When you retype the records that follow, keep each word as it is and drop any pictures.
==== EXERCISE DATA ====
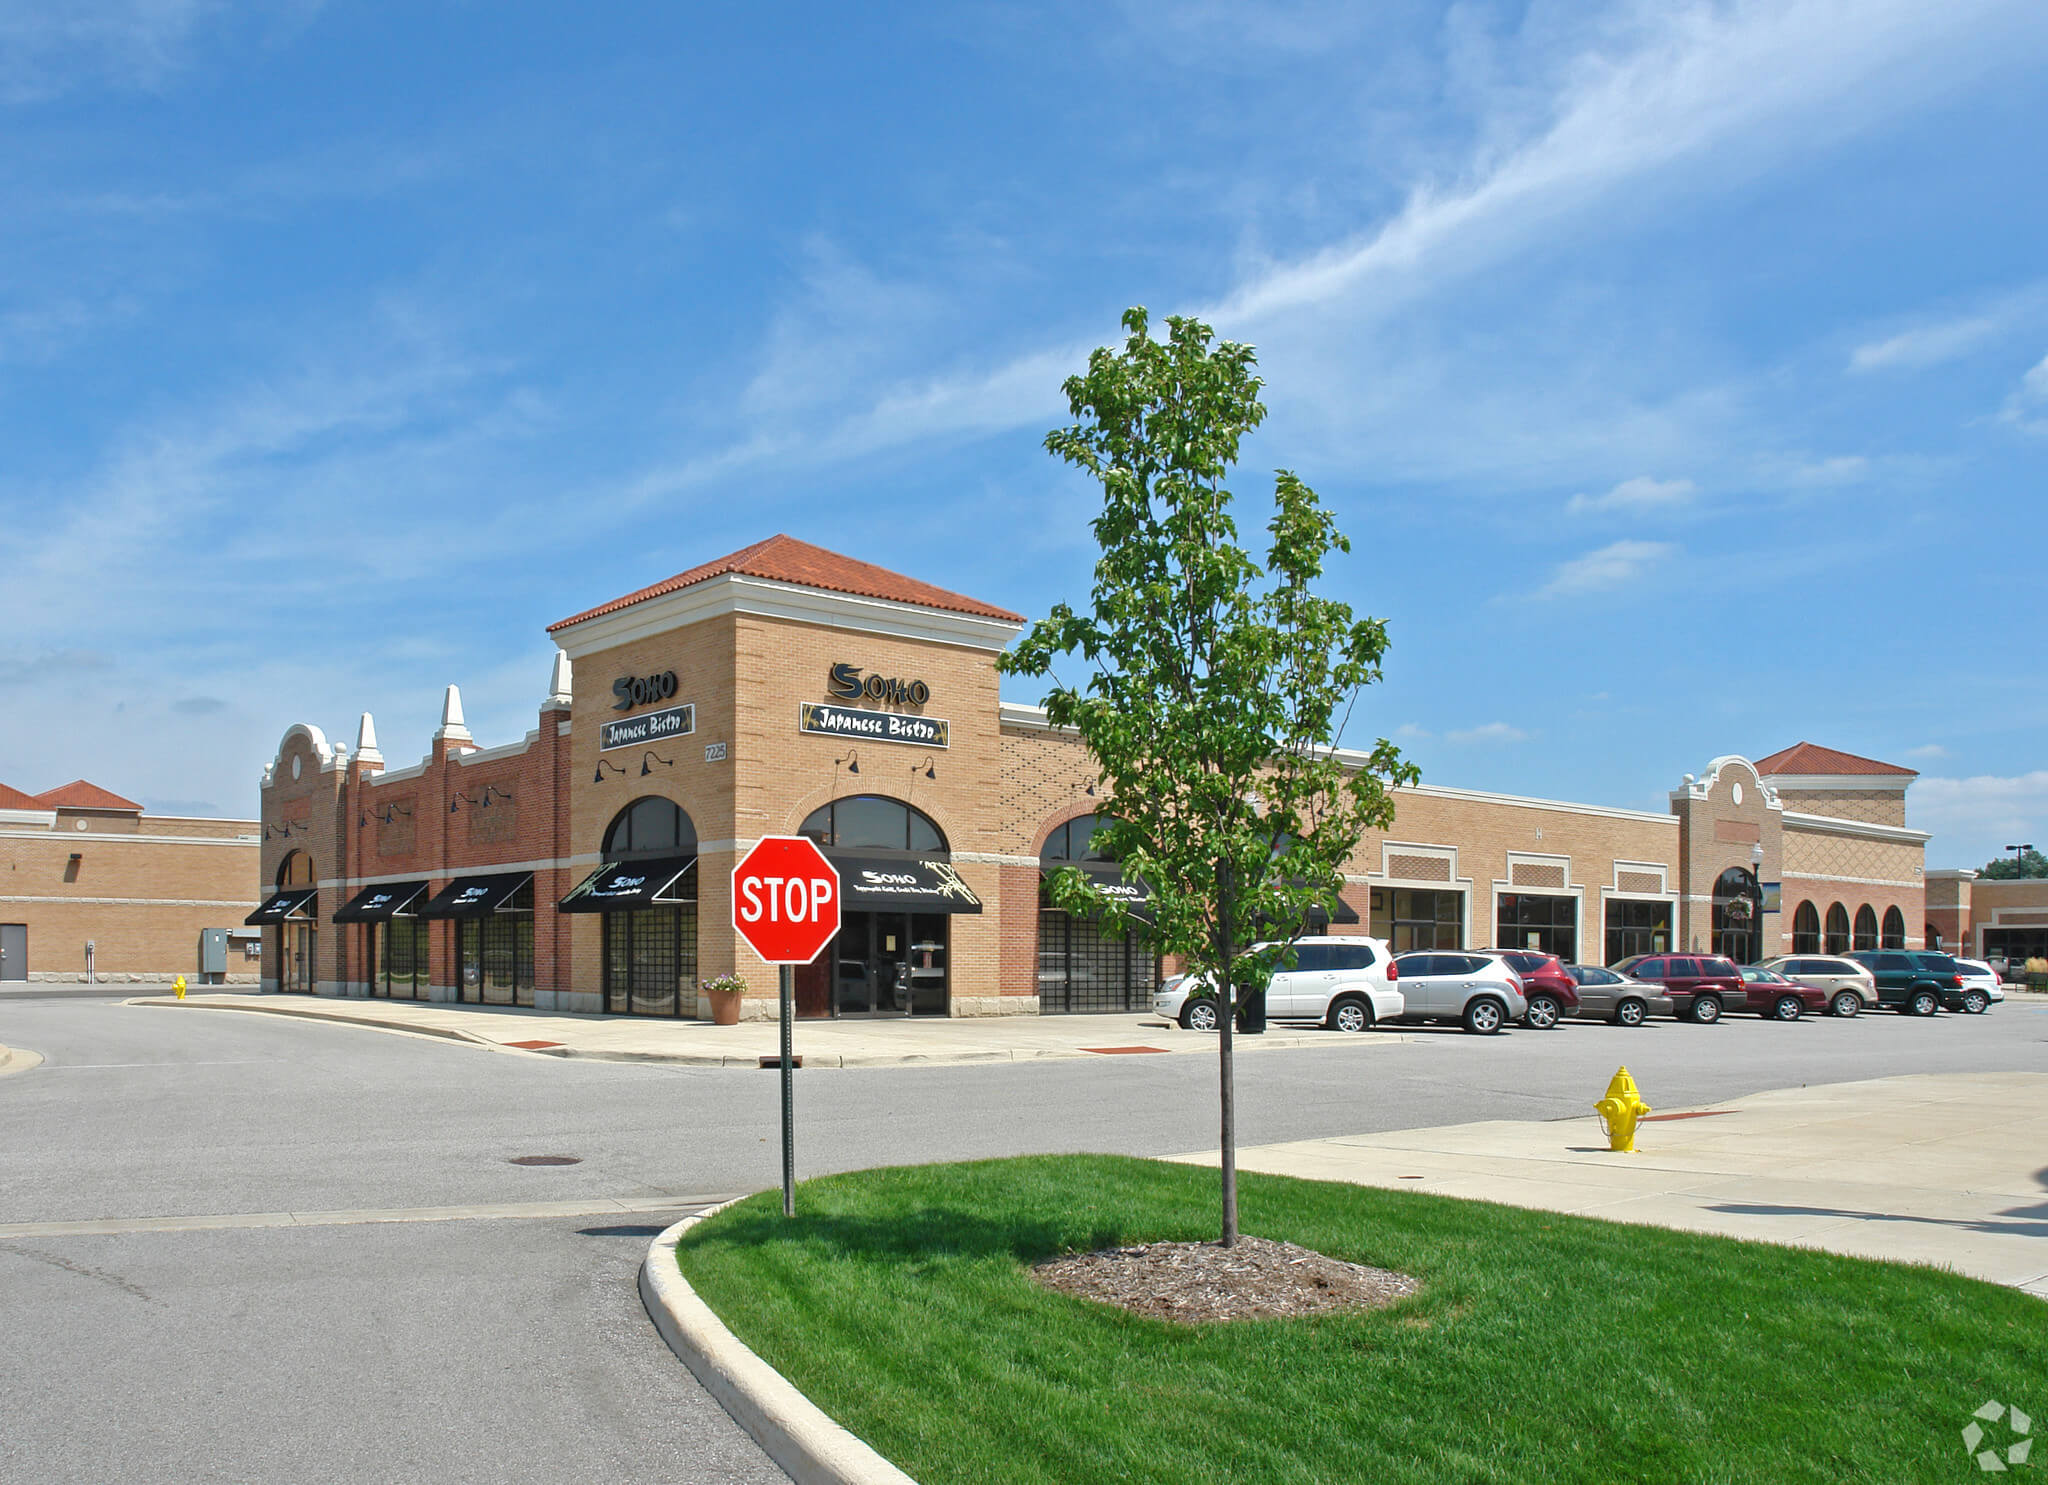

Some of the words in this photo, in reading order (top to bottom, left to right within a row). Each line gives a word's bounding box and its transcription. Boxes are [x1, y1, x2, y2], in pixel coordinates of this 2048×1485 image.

[608, 723, 647, 745] Japanese
[649, 713, 681, 735] Bistro
[819, 708, 883, 733] Japanese
[888, 716, 934, 739] Bistro
[705, 744, 725, 761] 7225
[740, 876, 832, 922] STOP
====
_EXERCISE RESPONSE_:
Some of the words in this photo, in reading order (top to bottom, left to right within a row). Each line gives a word's bounding box and its transcription. Boxes are [x1, y1, x2, y2], in pixel coordinates of this 2048×1485 image.

[608, 723, 647, 745] Japanese
[649, 713, 681, 735] Bistro
[819, 708, 883, 733] Japanese
[888, 716, 934, 739] Bistro
[705, 744, 725, 761] 7225
[740, 876, 832, 922] STOP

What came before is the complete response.